## AIM OF THE TASK:
Print all of the records below again without a single difference.

Data items:

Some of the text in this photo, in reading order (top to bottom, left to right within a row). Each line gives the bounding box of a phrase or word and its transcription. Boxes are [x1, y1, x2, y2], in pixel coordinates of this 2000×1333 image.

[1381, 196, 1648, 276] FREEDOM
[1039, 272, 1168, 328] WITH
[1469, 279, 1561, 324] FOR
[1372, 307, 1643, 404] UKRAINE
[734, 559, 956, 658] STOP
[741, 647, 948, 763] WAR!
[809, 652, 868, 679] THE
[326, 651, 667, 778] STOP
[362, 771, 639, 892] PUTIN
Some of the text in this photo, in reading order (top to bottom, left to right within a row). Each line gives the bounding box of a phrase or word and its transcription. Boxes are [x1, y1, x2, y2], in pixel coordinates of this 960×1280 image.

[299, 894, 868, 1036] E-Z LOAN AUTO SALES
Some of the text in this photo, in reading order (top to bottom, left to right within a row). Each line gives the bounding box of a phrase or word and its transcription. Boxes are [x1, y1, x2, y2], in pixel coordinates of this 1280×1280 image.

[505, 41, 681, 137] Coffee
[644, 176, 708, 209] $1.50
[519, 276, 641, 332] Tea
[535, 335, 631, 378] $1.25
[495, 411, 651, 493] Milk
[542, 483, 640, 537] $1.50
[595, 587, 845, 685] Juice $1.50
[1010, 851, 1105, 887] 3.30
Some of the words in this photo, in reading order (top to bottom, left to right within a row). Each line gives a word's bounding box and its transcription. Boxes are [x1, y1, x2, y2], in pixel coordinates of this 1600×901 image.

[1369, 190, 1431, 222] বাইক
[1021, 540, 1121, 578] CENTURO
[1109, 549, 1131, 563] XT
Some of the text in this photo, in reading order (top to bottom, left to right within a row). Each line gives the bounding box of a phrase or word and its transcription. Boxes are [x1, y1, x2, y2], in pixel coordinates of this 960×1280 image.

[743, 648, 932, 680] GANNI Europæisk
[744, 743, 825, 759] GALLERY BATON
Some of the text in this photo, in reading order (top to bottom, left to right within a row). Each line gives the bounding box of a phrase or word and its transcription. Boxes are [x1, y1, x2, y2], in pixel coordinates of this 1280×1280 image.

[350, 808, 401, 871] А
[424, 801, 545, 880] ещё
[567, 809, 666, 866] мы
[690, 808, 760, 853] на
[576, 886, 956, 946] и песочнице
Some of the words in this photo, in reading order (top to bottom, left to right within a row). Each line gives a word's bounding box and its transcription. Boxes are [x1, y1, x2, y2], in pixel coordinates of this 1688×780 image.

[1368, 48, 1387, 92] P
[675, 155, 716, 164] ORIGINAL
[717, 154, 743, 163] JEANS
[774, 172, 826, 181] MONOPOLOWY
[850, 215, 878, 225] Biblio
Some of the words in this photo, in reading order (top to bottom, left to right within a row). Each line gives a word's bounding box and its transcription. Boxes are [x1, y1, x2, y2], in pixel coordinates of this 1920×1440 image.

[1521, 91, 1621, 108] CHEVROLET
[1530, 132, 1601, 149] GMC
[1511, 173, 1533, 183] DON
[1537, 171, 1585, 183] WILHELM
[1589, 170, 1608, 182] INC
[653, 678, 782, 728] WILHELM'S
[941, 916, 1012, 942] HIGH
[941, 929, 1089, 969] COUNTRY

## COMPLETED TASK:
Some of the text in this photo, in reading order (top to bottom, left to right within a row). Each line gives the bounding box of a phrase or word and its transcription. Boxes are [x1, y1, x2, y2], in pixel coordinates of this 2000×1333 image.

[1381, 196, 1648, 276] FREEDOM
[1039, 272, 1168, 328] WITH
[1469, 279, 1561, 324] FOR
[1372, 307, 1643, 404] UKRAINE
[734, 559, 956, 658] STOP
[741, 647, 948, 763] WAR!
[809, 652, 868, 679] THE
[326, 651, 667, 778] STOP
[362, 771, 639, 892] PUTIN
Some of the text in this photo, in reading order (top to bottom, left to right within a row). Each line gives the bounding box of a phrase or word and its transcription. Boxes are [x1, y1, x2, y2], in pixel coordinates of this 960×1280 image.

[299, 894, 868, 1036] E-Z LOAN AUTO SALES
Some of the text in this photo, in reading order (top to bottom, left to right within a row). Each line gives the bounding box of a phrase or word and its transcription. Boxes are [x1, y1, x2, y2], in pixel coordinates of this 1280×1280 image.

[505, 41, 681, 137] Coffee
[644, 176, 708, 209] $1.50
[519, 276, 641, 332] Tea
[535, 335, 631, 378] $1.25
[495, 411, 651, 493] Milk
[542, 483, 640, 537] $1.50
[595, 587, 845, 685] Juice $1.50
[1010, 851, 1105, 887] 3.30
Some of the words in this photo, in reading order (top to bottom, left to right within a row). Each line gives a word's bounding box and its transcription. Boxes are [x1, y1, x2, y2], in pixel coordinates of this 1600×901 image.

[1369, 190, 1431, 222] বাইক
[1021, 540, 1121, 578] CENTURO
[1109, 549, 1131, 563] XT
Some of the text in this photo, in reading order (top to bottom, left to right within a row). Each line gives the bounding box of a phrase or word and its transcription. Boxes are [x1, y1, x2, y2], in pixel coordinates of this 960×1280 image.

[743, 648, 932, 680] GANNI Europæisk
[744, 743, 825, 759] GALLERY BATON
Some of the text in this photo, in reading order (top to bottom, left to right within a row). Each line gives the bounding box of a phrase or word and its transcription. Boxes are [x1, y1, x2, y2], in pixel coordinates of this 1280×1280 image.

[350, 808, 401, 871] А
[424, 801, 545, 880] ещё
[567, 809, 666, 866] мы
[690, 808, 760, 853] на
[576, 886, 956, 946] и песочнице
Some of the words in this photo, in reading order (top to bottom, left to right within a row). Each line gives a word's bounding box and its transcription. Boxes are [x1, y1, x2, y2], in pixel coordinates of this 1688×780 image.

[1368, 48, 1387, 92] P
[675, 155, 716, 164] ORIGINAL
[717, 154, 743, 163] JEANS
[774, 172, 826, 181] MONOPOLOWY
[850, 215, 878, 225] Biblio
Some of the words in this photo, in reading order (top to bottom, left to right within a row). Each line gives a word's bounding box and its transcription. Boxes are [x1, y1, x2, y2], in pixel coordinates of this 1920×1440 image.

[1521, 91, 1621, 108] CHEVROLET
[1530, 132, 1601, 149] GMC
[1511, 173, 1533, 183] DON
[1537, 171, 1585, 183] WILHELM
[1589, 170, 1608, 182] INC
[653, 678, 782, 728] WILHELM'S
[941, 916, 1012, 942] HIGH
[941, 929, 1089, 969] COUNTRY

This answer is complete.